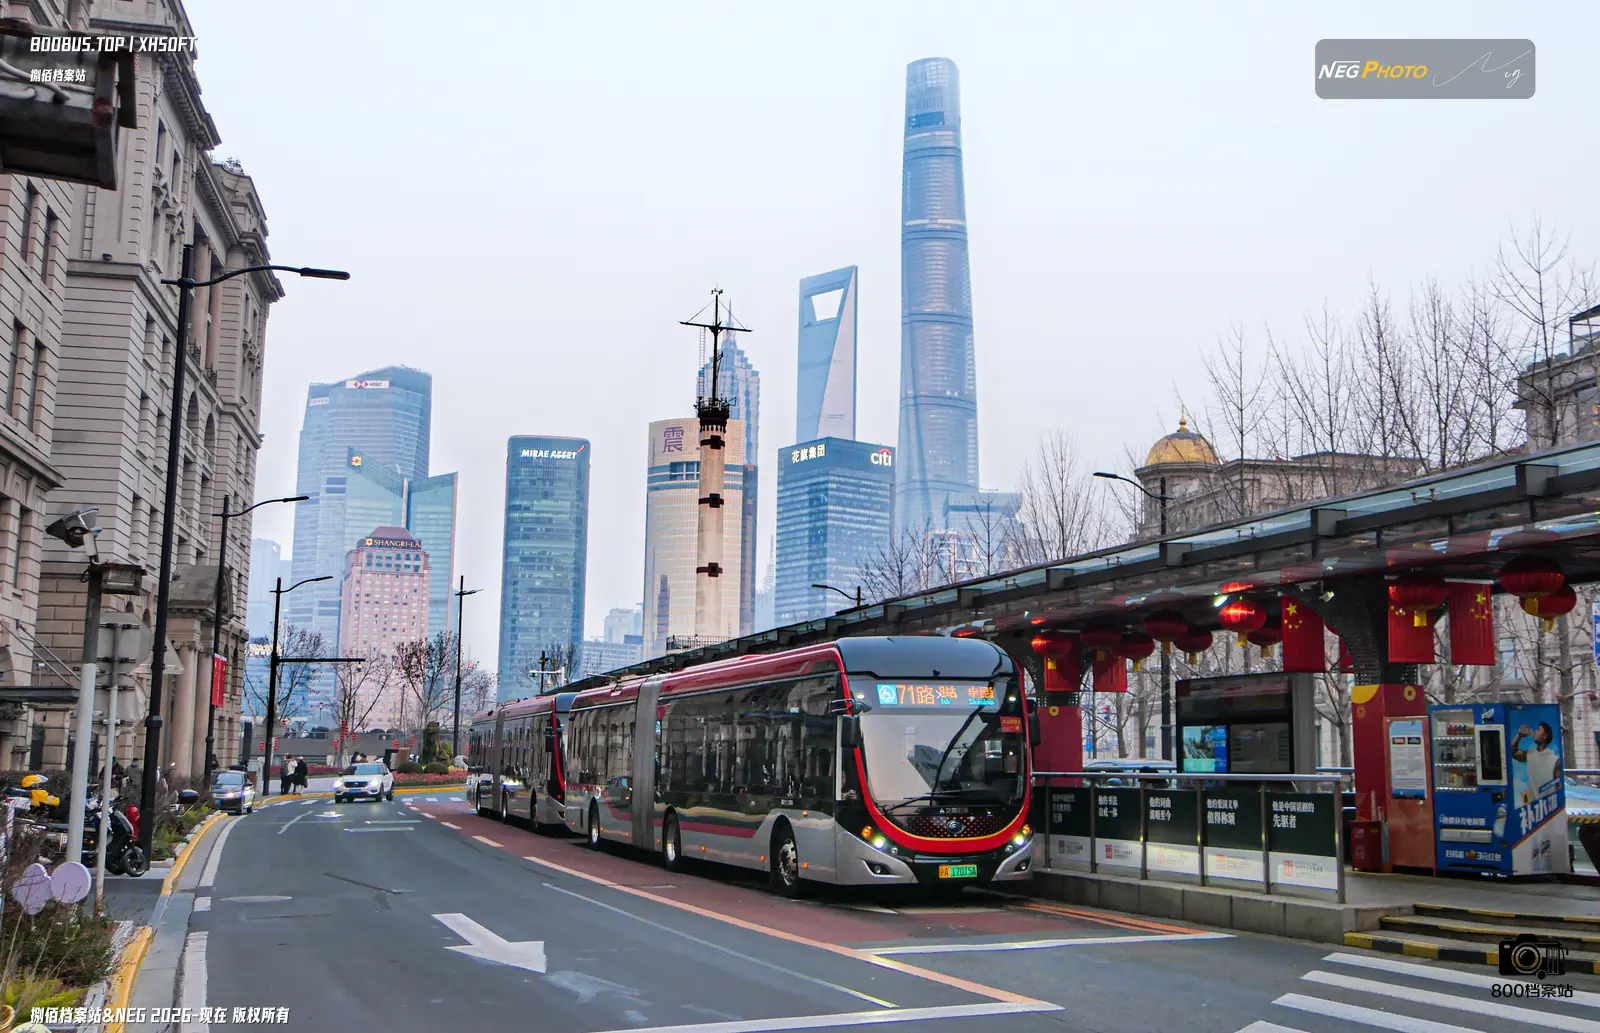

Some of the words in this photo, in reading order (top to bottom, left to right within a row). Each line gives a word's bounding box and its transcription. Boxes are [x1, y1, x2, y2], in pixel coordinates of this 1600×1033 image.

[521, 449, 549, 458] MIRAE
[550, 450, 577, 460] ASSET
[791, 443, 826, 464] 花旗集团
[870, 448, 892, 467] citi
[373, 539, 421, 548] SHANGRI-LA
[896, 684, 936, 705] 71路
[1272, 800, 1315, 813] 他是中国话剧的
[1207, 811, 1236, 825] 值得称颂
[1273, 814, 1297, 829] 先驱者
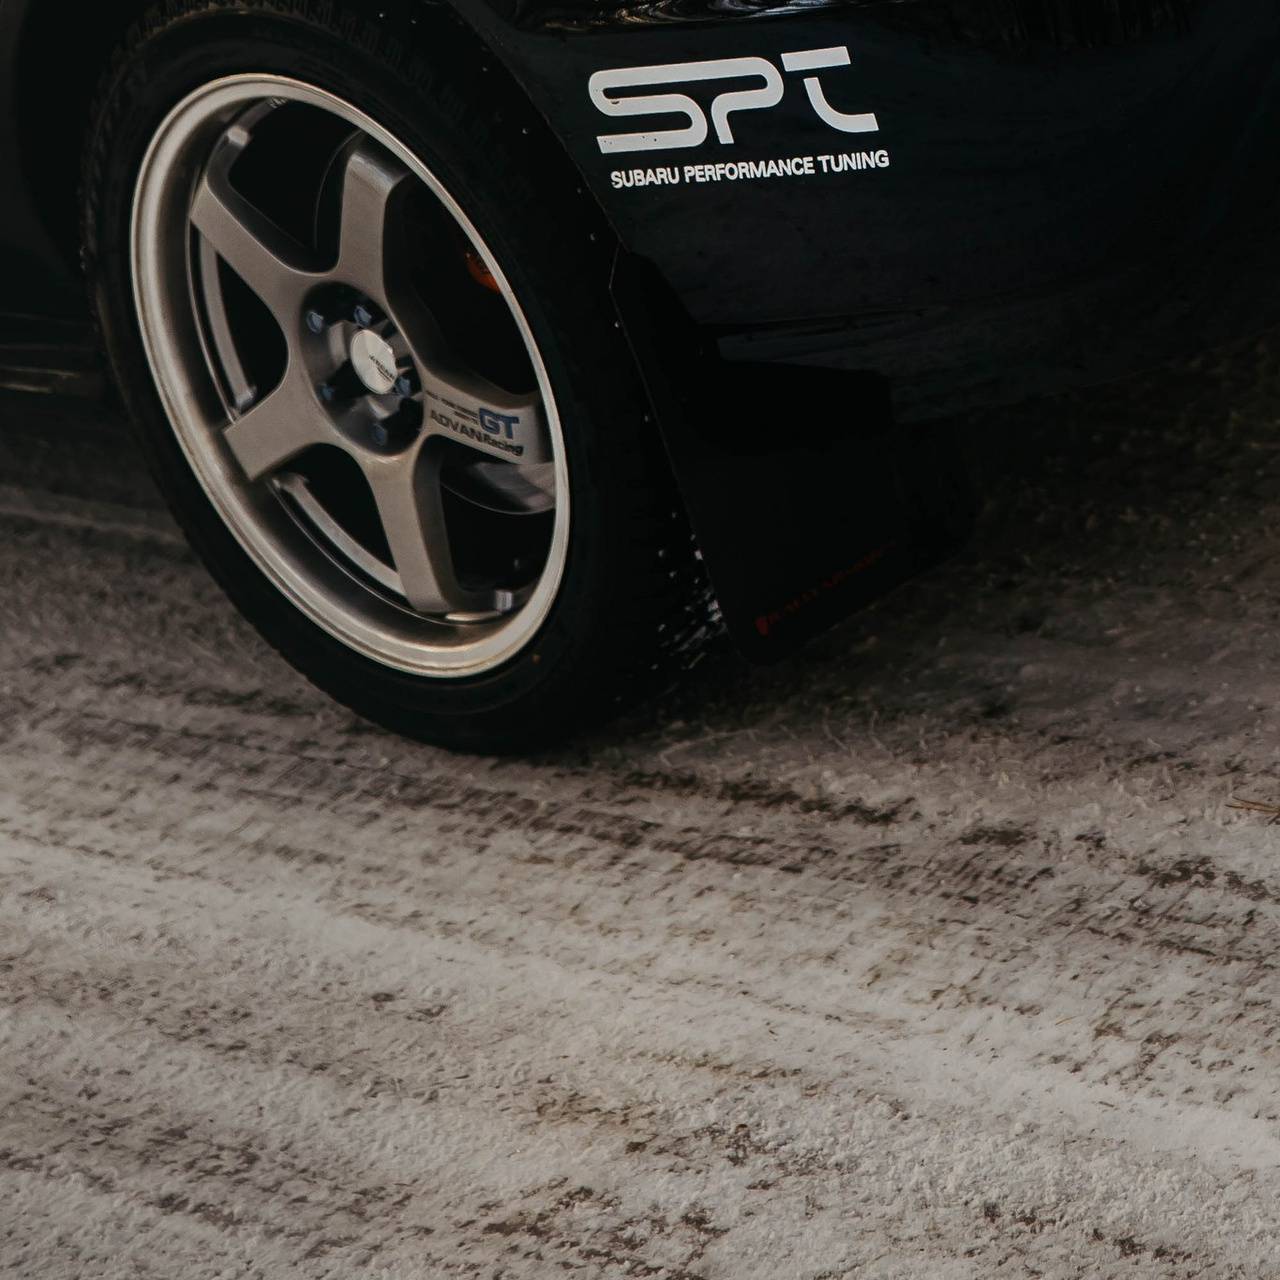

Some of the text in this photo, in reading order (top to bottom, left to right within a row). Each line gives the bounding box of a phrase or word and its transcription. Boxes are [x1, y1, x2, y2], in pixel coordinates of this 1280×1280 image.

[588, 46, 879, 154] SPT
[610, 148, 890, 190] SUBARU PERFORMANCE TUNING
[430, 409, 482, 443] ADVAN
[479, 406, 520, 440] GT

****************

Each of the entries above must be output exactly, with none of the pictures.

Result for this exercise
Some of the words in this photo, in reading order (top to bottom, left to right within a row). Each line gives a word's bounding box and its transcription. Boxes are [x1, y1, x2, y2], in pixel coordinates of this 1600×1033 image.

[521, 449, 549, 458] MIRAE
[550, 450, 577, 460] ASSET
[791, 443, 826, 464] 花旗集团
[870, 448, 892, 467] citi
[373, 539, 421, 548] SHANGRI-LA
[896, 684, 936, 705] 71路
[1272, 800, 1315, 813] 他是中国话剧的
[1207, 811, 1236, 825] 值得称颂
[1273, 814, 1297, 829] 先驱者

Some of the text in this photo, in reading order (top to bottom, left to right within a row). Each line gives the bounding box of a phrase or word and its transcription. Boxes are [x1, y1, x2, y2], in pixel coordinates of this 1280×1280 image.

[588, 46, 879, 154] SPT
[610, 148, 890, 190] SUBARU PERFORMANCE TUNING
[430, 409, 482, 443] ADVAN
[479, 406, 520, 440] GT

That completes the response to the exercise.